Per driver logs,
on PF0, there is no response from firmware for ioctl GetPportStats for 32 sec,
and then driver issued reset.
cpu27:32950)WARNING: elxnet:elxnet_asyncWorldWait:3655: [vmnic0] GetPportStats:
Checkpoint 3 (36 sec) No resp for MCC cmd opcode: 0x12,
cpu27:32950)WARNING: elxnet:elxnet_asyncWorldWait:3673: [vmnic0] GetPportStats:
MCC cmd timed out. opcode:0x12, subsystem:0x3, timeout:0, req_len:656
cpu27:32950)WARNING: elxnet: elxnet_generateUE:54:
Injecting fatal error for post-mortem dump
Prior to the ioctl timeout, VMkernel has re-initiated Tx Queues for
around 774 times in just 13 minutes, i.e. once in every sec (between
2016-04-25T04:03:47 and 2016-04-25T04:16:39).

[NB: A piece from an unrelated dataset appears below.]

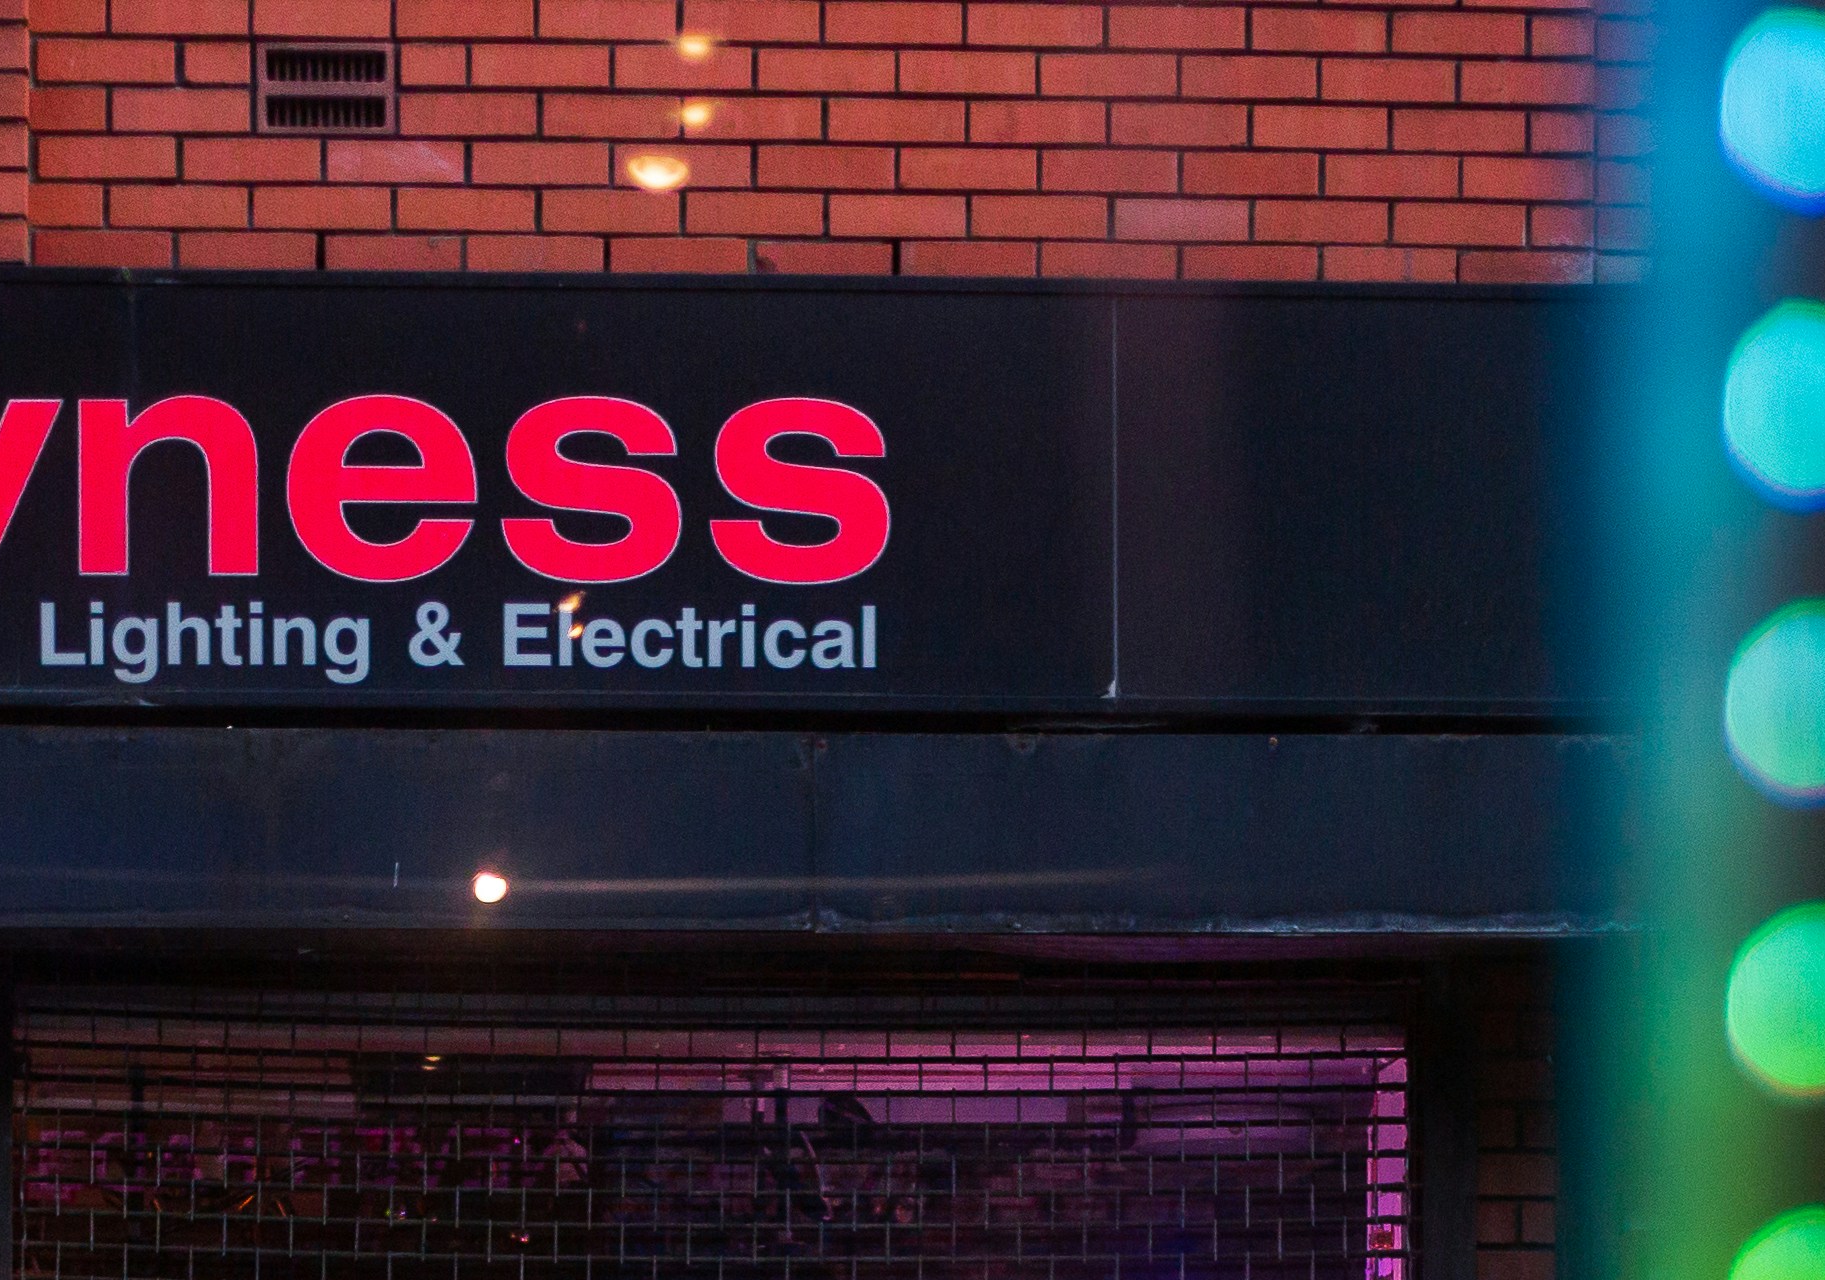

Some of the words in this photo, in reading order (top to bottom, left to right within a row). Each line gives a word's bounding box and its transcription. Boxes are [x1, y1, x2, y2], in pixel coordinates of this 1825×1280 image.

[39, 601, 370, 684] Lighting
[407, 600, 464, 668] &
[503, 600, 877, 669] Electrical

The driver and VMkernel is keeping restarting the firmware, however,
since the firmware got failure, the driver is working as expected. We moved our
focus on firmware dump analysis.
In FW code, a procedure checks the TX pipeline and initializes them
periodically. There are 24 transmitting threads and the procedure goes to each
one of them and initializes. There is a
corner case where one of the threads could be left in disabled state and if a
traffic or mailbox command is requested to use that thread, a stall could
occur. The fix in FW is to ensure that the threads are in enabled state before
we leave the initialization.
The current occur rate is 1 of thousands of MZ910. This is a FW code issue but happens very rarely. The probability
probably can be calculated using the fact that there are 24 threads which are
initialized periodically and with some rare probability one of them can be left
in disabled state. If we receive traffic or commands at that moment assigned to
that thread, we may hit the issue. The fact that next periodic initialization
will clear the disable bit makes it rare.